Write out each record below, word for word.

**Stored data**:
"""

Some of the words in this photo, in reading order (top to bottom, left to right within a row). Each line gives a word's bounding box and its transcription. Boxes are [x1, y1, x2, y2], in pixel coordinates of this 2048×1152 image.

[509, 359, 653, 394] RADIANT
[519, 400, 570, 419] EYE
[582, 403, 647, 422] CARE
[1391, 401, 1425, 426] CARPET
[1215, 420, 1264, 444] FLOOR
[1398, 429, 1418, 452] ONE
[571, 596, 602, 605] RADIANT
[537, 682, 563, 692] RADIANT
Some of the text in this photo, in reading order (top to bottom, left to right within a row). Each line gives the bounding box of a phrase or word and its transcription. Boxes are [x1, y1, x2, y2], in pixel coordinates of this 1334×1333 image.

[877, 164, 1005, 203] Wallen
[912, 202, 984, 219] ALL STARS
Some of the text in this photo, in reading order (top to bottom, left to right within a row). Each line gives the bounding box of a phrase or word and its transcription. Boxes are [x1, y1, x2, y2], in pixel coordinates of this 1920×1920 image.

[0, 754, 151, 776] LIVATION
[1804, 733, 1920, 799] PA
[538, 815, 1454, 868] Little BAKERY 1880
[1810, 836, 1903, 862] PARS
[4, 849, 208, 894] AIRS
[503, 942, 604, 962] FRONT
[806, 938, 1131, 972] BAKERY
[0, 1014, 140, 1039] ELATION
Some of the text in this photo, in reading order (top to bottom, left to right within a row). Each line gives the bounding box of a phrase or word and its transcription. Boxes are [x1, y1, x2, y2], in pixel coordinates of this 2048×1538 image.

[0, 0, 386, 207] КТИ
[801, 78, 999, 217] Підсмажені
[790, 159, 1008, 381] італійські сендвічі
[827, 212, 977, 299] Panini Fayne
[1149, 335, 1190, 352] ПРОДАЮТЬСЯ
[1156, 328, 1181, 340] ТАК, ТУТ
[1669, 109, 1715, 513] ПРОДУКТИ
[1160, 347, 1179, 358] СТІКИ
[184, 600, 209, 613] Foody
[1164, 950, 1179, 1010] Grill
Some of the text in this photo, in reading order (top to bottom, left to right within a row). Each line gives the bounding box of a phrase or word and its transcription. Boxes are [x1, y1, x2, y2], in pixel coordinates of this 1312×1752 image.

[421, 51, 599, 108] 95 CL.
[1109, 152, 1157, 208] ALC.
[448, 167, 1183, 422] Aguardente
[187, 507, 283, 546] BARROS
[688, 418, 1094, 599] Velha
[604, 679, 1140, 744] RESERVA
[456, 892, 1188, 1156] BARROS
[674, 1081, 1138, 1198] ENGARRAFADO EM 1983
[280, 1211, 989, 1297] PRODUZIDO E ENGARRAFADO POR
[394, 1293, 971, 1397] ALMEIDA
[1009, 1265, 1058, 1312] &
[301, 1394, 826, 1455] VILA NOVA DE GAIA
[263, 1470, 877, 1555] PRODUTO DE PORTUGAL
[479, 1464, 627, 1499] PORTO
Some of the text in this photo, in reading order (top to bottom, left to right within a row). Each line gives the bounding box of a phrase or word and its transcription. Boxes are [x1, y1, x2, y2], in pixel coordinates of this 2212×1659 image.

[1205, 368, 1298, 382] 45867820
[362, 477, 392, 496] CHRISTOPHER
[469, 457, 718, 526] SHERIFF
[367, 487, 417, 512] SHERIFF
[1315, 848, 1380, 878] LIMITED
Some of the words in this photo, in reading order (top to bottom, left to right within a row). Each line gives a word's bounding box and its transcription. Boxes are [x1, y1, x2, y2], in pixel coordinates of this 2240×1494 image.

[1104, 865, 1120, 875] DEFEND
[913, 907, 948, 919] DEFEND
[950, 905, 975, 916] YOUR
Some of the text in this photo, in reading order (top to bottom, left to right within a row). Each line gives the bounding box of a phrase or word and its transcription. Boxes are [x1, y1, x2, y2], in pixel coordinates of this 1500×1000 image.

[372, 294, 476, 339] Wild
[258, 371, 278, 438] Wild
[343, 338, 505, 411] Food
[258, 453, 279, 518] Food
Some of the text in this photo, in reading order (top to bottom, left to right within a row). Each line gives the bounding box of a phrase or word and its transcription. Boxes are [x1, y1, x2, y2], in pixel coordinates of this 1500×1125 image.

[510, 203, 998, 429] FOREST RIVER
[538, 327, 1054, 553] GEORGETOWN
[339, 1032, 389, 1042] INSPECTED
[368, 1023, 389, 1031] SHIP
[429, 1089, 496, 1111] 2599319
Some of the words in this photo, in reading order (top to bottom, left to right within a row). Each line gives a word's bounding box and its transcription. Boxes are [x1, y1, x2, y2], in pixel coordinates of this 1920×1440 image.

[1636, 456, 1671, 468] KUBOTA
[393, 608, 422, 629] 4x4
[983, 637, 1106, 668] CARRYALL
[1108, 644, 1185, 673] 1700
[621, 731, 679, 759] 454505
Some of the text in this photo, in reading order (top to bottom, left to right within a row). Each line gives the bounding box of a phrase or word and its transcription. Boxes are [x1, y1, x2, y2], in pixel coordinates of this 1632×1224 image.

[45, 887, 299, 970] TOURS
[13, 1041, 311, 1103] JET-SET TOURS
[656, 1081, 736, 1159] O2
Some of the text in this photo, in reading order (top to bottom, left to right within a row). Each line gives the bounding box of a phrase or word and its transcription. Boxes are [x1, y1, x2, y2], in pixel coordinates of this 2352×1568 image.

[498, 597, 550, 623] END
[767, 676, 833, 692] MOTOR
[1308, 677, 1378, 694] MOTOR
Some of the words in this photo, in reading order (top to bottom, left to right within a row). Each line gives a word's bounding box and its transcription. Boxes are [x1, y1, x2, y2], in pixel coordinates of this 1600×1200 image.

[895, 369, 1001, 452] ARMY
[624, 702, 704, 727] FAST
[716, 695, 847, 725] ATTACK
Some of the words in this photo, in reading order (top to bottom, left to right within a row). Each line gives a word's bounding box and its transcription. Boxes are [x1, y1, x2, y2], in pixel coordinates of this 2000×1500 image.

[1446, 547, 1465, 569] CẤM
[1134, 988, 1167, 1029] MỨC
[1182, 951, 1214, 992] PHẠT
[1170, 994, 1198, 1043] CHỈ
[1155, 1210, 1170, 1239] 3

"""

**Response to the task**:
Some of the words in this photo, in reading order (top to bottom, left to right within a row). Each line gives a word's bounding box and its transcription. Boxes are [x1, y1, x2, y2], in pixel coordinates of this 2048×1152 image.

[509, 359, 653, 394] RADIANT
[519, 400, 570, 419] EYE
[582, 403, 647, 422] CARE
[1391, 401, 1425, 426] CARPET
[1215, 420, 1264, 444] FLOOR
[1398, 429, 1418, 452] ONE
[571, 596, 602, 605] RADIANT
[537, 682, 563, 692] RADIANT
Some of the text in this photo, in reading order (top to bottom, left to right within a row). Each line gives the bounding box of a phrase or word and its transcription. Boxes are [x1, y1, x2, y2], in pixel coordinates of this 1334×1333 image.

[877, 164, 1005, 203] Wallen
[912, 202, 984, 219] ALL STARS
Some of the text in this photo, in reading order (top to bottom, left to right within a row). Each line gives the bounding box of a phrase or word and its transcription. Boxes are [x1, y1, x2, y2], in pixel coordinates of this 1920×1920 image.

[0, 754, 151, 776] LIVATION
[1804, 733, 1920, 799] PA
[538, 815, 1454, 868] Little BAKERY 1880
[1810, 836, 1903, 862] PARS
[4, 849, 208, 894] AIRS
[503, 942, 604, 962] FRONT
[806, 938, 1131, 972] BAKERY
[0, 1014, 140, 1039] ELATION
Some of the text in this photo, in reading order (top to bottom, left to right within a row). Each line gives the bounding box of a phrase or word and its transcription. Boxes are [x1, y1, x2, y2], in pixel coordinates of this 2048×1538 image.

[0, 0, 386, 207] КТИ
[801, 78, 999, 217] Підсмажені
[790, 159, 1008, 381] італійські сендвічі
[827, 212, 977, 299] Panini Fayne
[1149, 335, 1190, 352] ПРОДАЮТЬСЯ
[1156, 328, 1181, 340] ТАК, ТУТ
[1669, 109, 1715, 513] ПРОДУКТИ
[1160, 347, 1179, 358] СТІКИ
[184, 600, 209, 613] Foody
[1164, 950, 1179, 1010] Grill
Some of the text in this photo, in reading order (top to bottom, left to right within a row). Each line gives the bounding box of a phrase or word and its transcription. Boxes are [x1, y1, x2, y2], in pixel coordinates of this 1312×1752 image.

[421, 51, 599, 108] 95 CL.
[1109, 152, 1157, 208] ALC.
[448, 167, 1183, 422] Aguardente
[187, 507, 283, 546] BARROS
[688, 418, 1094, 599] Velha
[604, 679, 1140, 744] RESERVA
[456, 892, 1188, 1156] BARROS
[674, 1081, 1138, 1198] ENGARRAFADO EM 1983
[280, 1211, 989, 1297] PRODUZIDO E ENGARRAFADO POR
[394, 1293, 971, 1397] ALMEIDA
[1009, 1265, 1058, 1312] &
[301, 1394, 826, 1455] VILA NOVA DE GAIA
[263, 1470, 877, 1555] PRODUTO DE PORTUGAL
[479, 1464, 627, 1499] PORTO
Some of the text in this photo, in reading order (top to bottom, left to right within a row). Each line gives the bounding box of a phrase or word and its transcription. Boxes are [x1, y1, x2, y2], in pixel coordinates of this 2212×1659 image.

[1205, 368, 1298, 382] 45867820
[362, 477, 392, 496] CHRISTOPHER
[469, 457, 718, 526] SHERIFF
[367, 487, 417, 512] SHERIFF
[1315, 848, 1380, 878] LIMITED
Some of the words in this photo, in reading order (top to bottom, left to right within a row). Each line gives a word's bounding box and its transcription. Boxes are [x1, y1, x2, y2], in pixel coordinates of this 2240×1494 image.

[1104, 865, 1120, 875] DEFEND
[913, 907, 948, 919] DEFEND
[950, 905, 975, 916] YOUR
Some of the text in this photo, in reading order (top to bottom, left to right within a row). Each line gives the bounding box of a phrase or word and its transcription. Boxes are [x1, y1, x2, y2], in pixel coordinates of this 1500×1000 image.

[372, 294, 476, 339] Wild
[258, 371, 278, 438] Wild
[343, 338, 505, 411] Food
[258, 453, 279, 518] Food
Some of the text in this photo, in reading order (top to bottom, left to right within a row). Each line gives the bounding box of a phrase or word and its transcription. Boxes are [x1, y1, x2, y2], in pixel coordinates of this 1500×1125 image.

[510, 203, 998, 429] FOREST RIVER
[538, 327, 1054, 553] GEORGETOWN
[339, 1032, 389, 1042] INSPECTED
[368, 1023, 389, 1031] SHIP
[429, 1089, 496, 1111] 2599319
Some of the words in this photo, in reading order (top to bottom, left to right within a row). Each line gives a word's bounding box and its transcription. Boxes are [x1, y1, x2, y2], in pixel coordinates of this 1920×1440 image.

[1636, 456, 1671, 468] KUBOTA
[393, 608, 422, 629] 4x4
[983, 637, 1106, 668] CARRYALL
[1108, 644, 1185, 673] 1700
[621, 731, 679, 759] 454505
Some of the text in this photo, in reading order (top to bottom, left to right within a row). Each line gives the bounding box of a phrase or word and its transcription. Boxes are [x1, y1, x2, y2], in pixel coordinates of this 1632×1224 image.

[45, 887, 299, 970] TOURS
[13, 1041, 311, 1103] JET-SET TOURS
[656, 1081, 736, 1159] O2
Some of the text in this photo, in reading order (top to bottom, left to right within a row). Each line gives the bounding box of a phrase or word and its transcription. Boxes are [x1, y1, x2, y2], in pixel coordinates of this 2352×1568 image.

[498, 597, 550, 623] END
[767, 676, 833, 692] MOTOR
[1308, 677, 1378, 694] MOTOR
Some of the words in this photo, in reading order (top to bottom, left to right within a row). Each line gives a word's bounding box and its transcription. Boxes are [x1, y1, x2, y2], in pixel coordinates of this 1600×1200 image.

[895, 369, 1001, 452] ARMY
[624, 702, 704, 727] FAST
[716, 695, 847, 725] ATTACK
Some of the words in this photo, in reading order (top to bottom, left to right within a row). Each line gives a word's bounding box and its transcription. Boxes are [x1, y1, x2, y2], in pixel coordinates of this 2000×1500 image.

[1446, 547, 1465, 569] CẤM
[1134, 988, 1167, 1029] MỨC
[1182, 951, 1214, 992] PHẠT
[1170, 994, 1198, 1043] CHỈ
[1155, 1210, 1170, 1239] 3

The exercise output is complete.